**Work instructions:** Could you give the data below again exactly, apart from the pictures?
--- Material supplied Enclosed Below ---
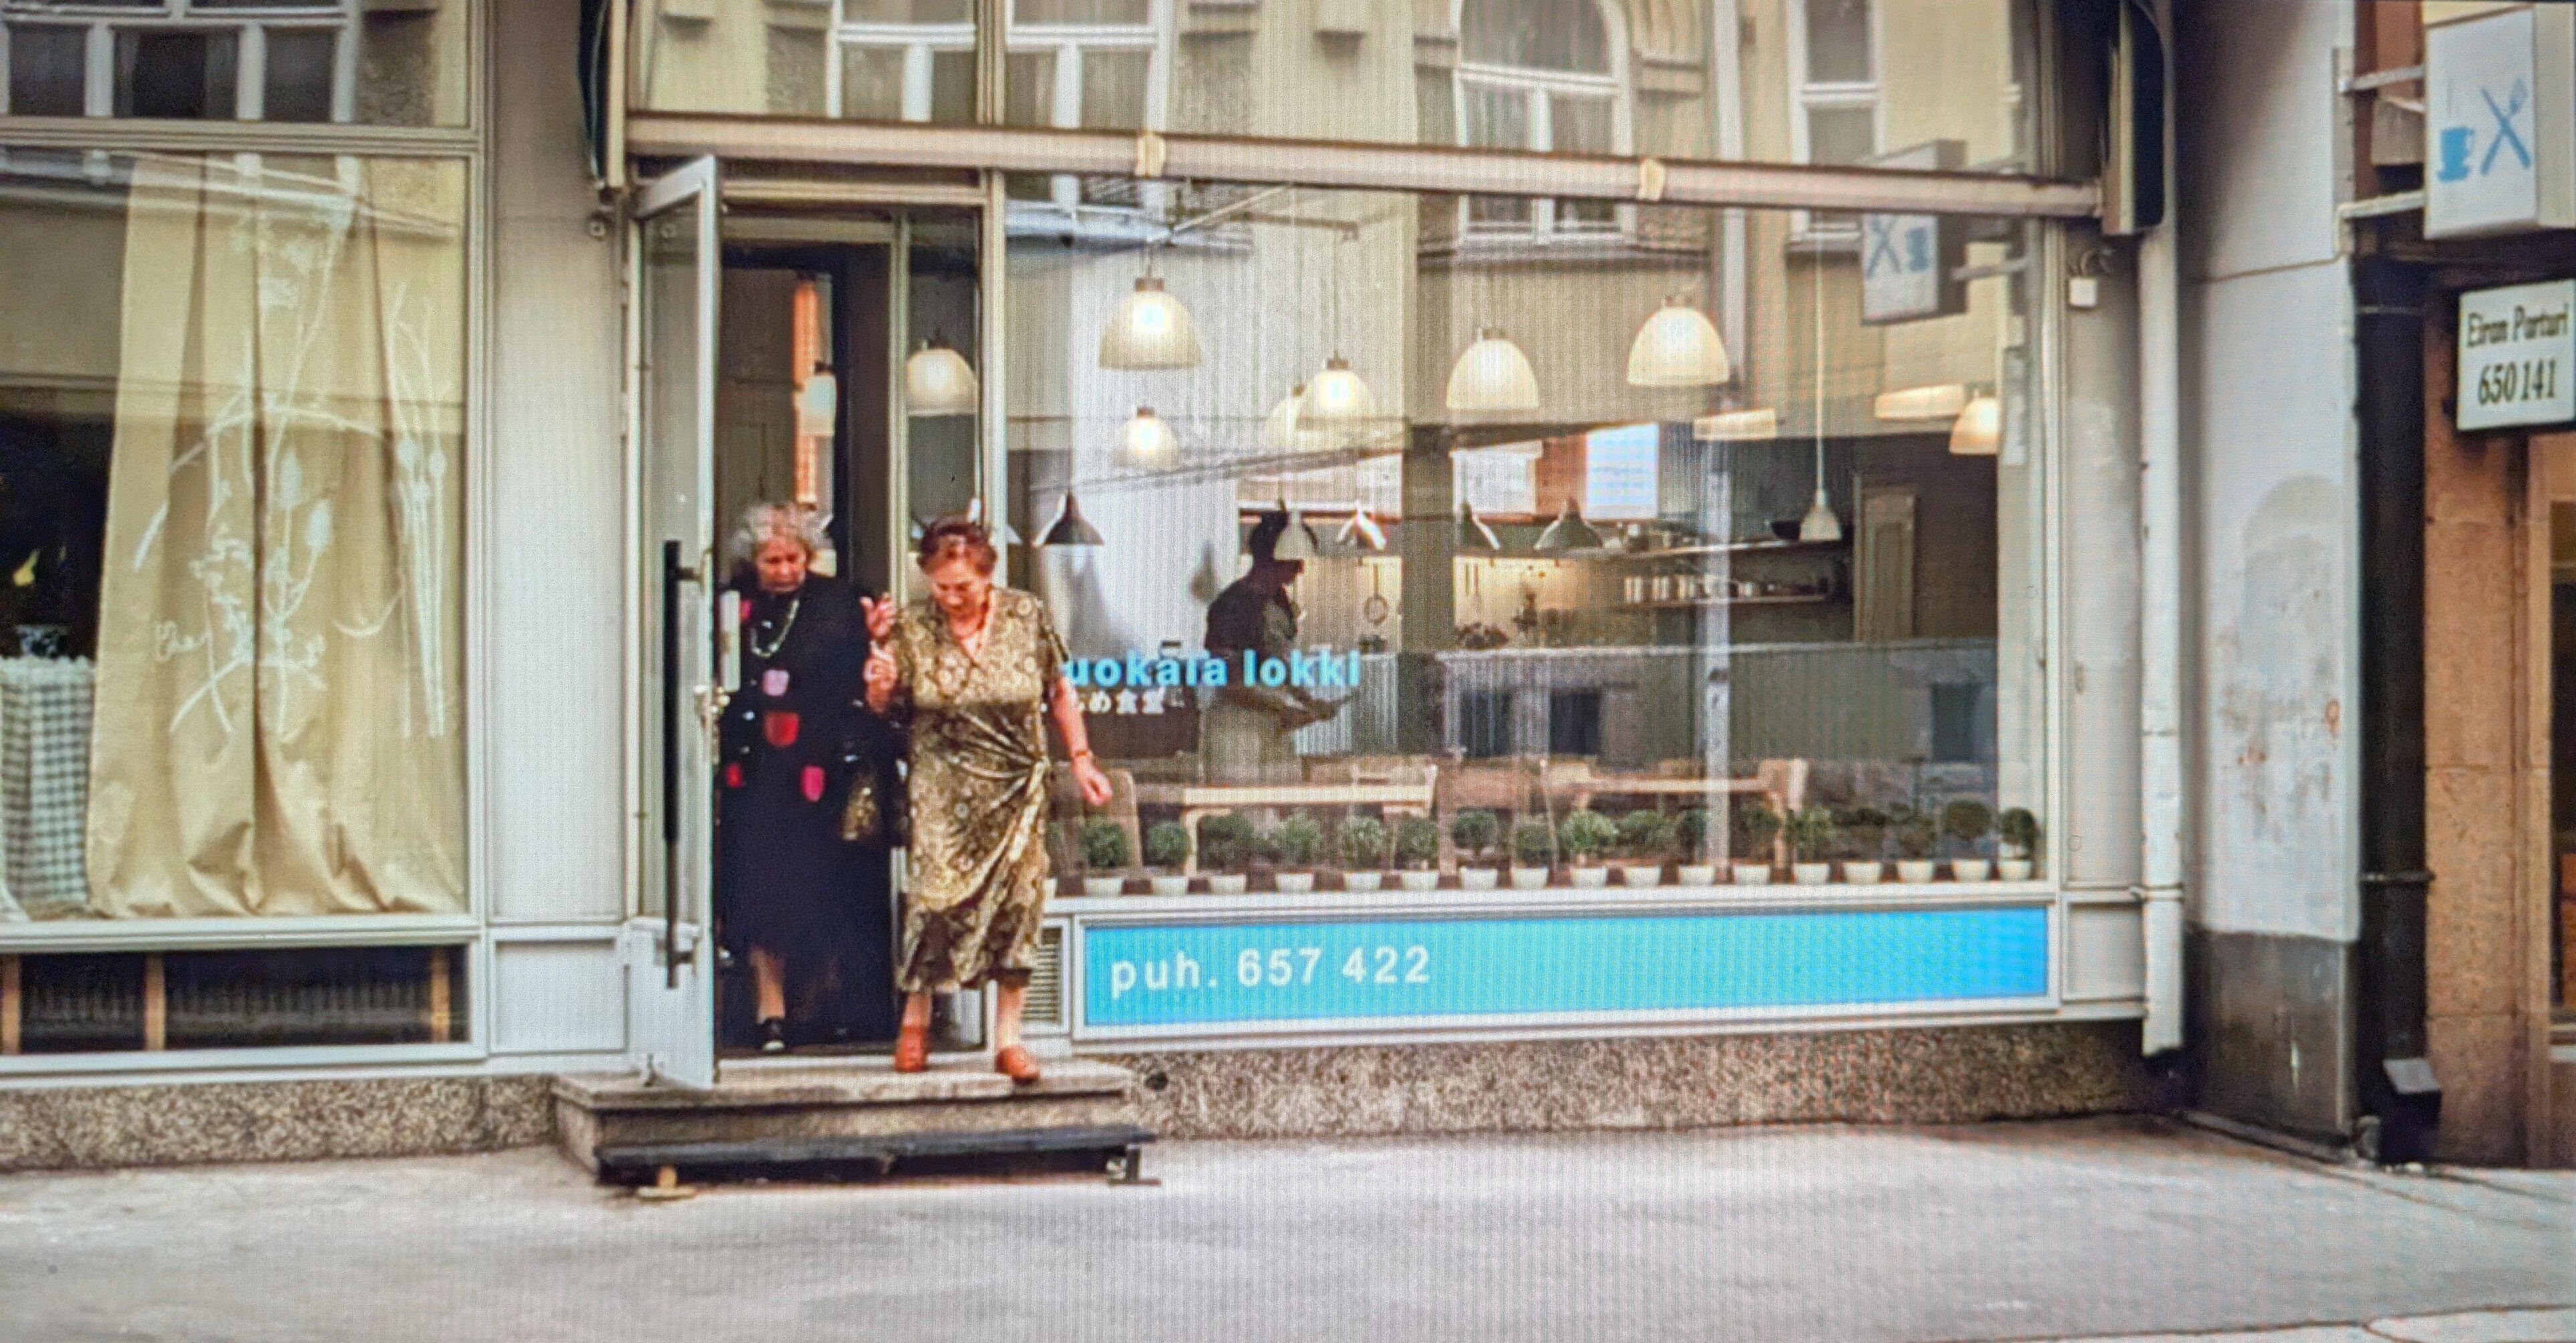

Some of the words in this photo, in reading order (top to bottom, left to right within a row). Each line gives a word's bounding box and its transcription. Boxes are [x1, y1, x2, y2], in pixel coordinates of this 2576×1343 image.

[1063, 649, 1228, 687] uokala
[1243, 648, 1360, 687] lokki
[1110, 950, 1216, 999] puh.
[1237, 946, 1323, 987] 657
[1342, 945, 1430, 985] 422
--- End of Enclosed Material supplied ---
**Answer to this problem:**
Some of the words in this photo, in reading order (top to bottom, left to right within a row). Each line gives a word's bounding box and its transcription. Boxes are [x1, y1, x2, y2], in pixel coordinates of this 2576×1343 image.

[1063, 649, 1228, 687] uokala
[1243, 648, 1360, 687] lokki
[1110, 950, 1216, 999] puh.
[1237, 946, 1323, 987] 657
[1342, 945, 1430, 985] 422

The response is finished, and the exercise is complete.